I scored a bunch (like a dozen) of used Makita batteries (LXT 18V) because our work converted over to a different brand.
I’m trying to figure out a way to test these packs and see which ones are good, which ones are OK, and which ones are no good.
For individual cells, I have some properly sized power resistors, and would measure voltage/current and then calculate internal resistance. But I’m not quite sure if (or how) I can do the same for a battery pack.
Can anyone help me figure out how to test these batteries, other than getting a cordless tool, taping down the switch, and seeing how long it runs? (note: I don’t want to do that, both for the time it will take, and the heat/stress if would put on the tool)
Would have to be a damn good hobby charger for power tools. The basic models top out at 1A discharge, less for higher voltages. For power tools you really want something that can mimic the high draw a tool would require.
I’ve used a Wattmeter and cobbled connectors together to use the actual tool but it’s pure jury-rig and a pain.
Flydiver, that was my concern - these batteries are designed (and need) to output dozens of amps. I’m not sure a hobby charger or my little 10W power resistors are up to that task.
Sure it could test capacity at 1A, but the battery’s output near stall (up around 50A on some tools?) is a totally different matter.
Im using diy connectors and put them into springs without battery disassembly.
The best way to load them with big current is making electronic load tool. Somebody are using set of 50-100W resistors. There is no budget hobby charges that can give big load, but I have found little cheat. Some hobby charger allows using batteries both on input and output, so load current is not restricted by internal resistors. This way you can see actual capacity with 10A load on input battery.
In most situations high current test is not necessary. You need to check them with any current in charge-discharge-charge test, measure charged voltage with high precise and put packs away for about 1 month. If pack capacity is better than 2000mah, and self-discharge does not exceed 0.2V, you can continue using it.
P.S. 50Amp is not truth. All one-cell series compatible (thin packs with 5 cells) tools have 10Amp motor and 8Amp fuse on board, have opened not so many bigger tools but can suppose that for 10-cell batteries numbers are two times bigger.
Not in normal use, but when leaning hard on a tool, the motor can definitely draw that kind of current at or near stall.
Good point - maybe just a discharge test and confirming pack self-discharge, is good enough. But I still kind of want to try and load test them, but maybe 5 or 10A is plenty.

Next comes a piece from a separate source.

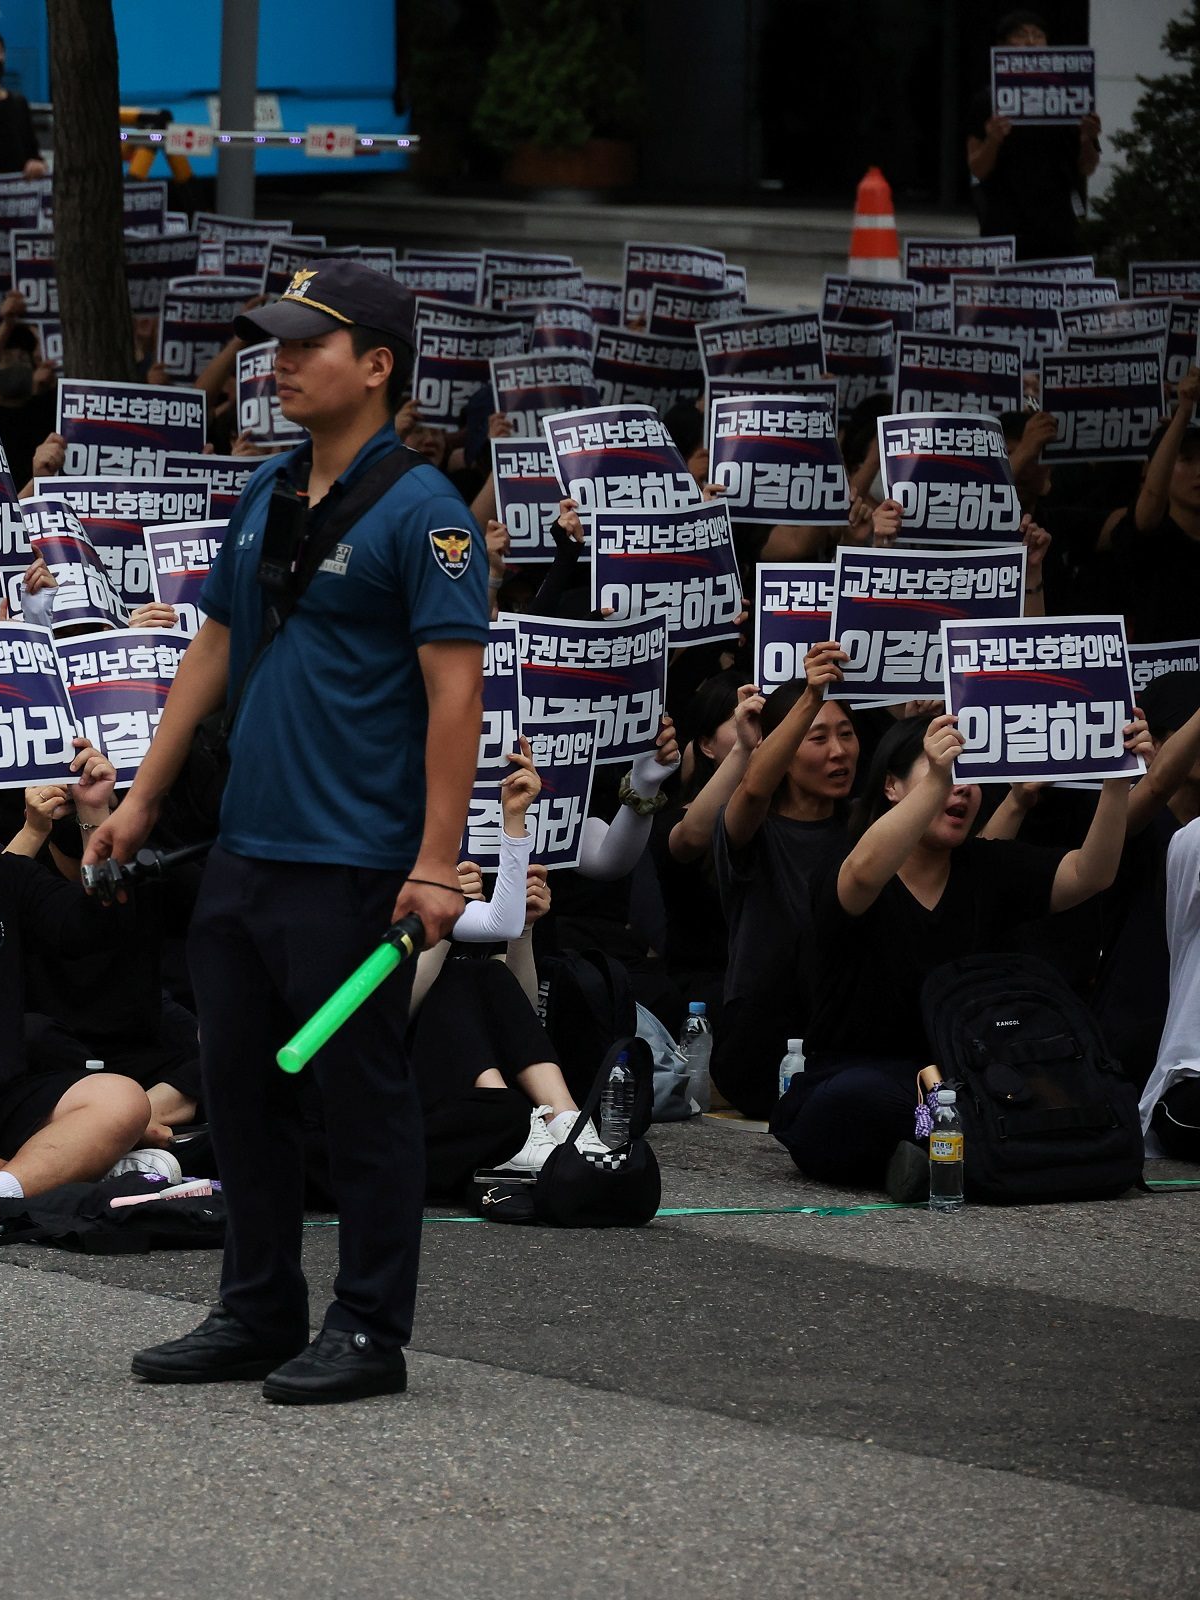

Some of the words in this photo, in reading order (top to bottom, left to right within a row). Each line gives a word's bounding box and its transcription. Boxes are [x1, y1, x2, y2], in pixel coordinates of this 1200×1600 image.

If you want to verify the packs are good for resale, nothing short of a proper test with a properly sized DC load suffices, ideally 10 sec. on, 20 off pulsed discharge at above 15 amps (depending on the cells in the pack). Ideally with a gutted powertool that fits the packs, to access the connection points inside. For your own use, if you don’t want to spend $2000 on a DC load then there’s not much you can do.
Here is a picture (worth a thousand words)
Now go to this thread for an explanation.
Those are 2, 175W 3 ohm resistors.
For 18V packs I can use just 1 or both in parallel, for 40V packs I use both in series.
I got mine from a local retailer. They were pulls from electronic equipment and were about $4 each. A good price to be sure.
Even rated at 175W, they get quite hot. I use a portable fan to keep them cool.
You could no doubt find something on eBay. I would think that 4 of those 10 ohm, 100W resistors in parallel would work. I think they are meant to be mounted onto a heat sink, I don’t they could dissipate 100W each otherwise. The ones I use are laying on a heat sink just to keep them a little cooler.
When working with power resistors remember to check the working temperature. What you call hot is usual rather cool for a power resistor, a metal resistor may have a working temperature in the 200C to 300C range and that is mounted on a heatsink.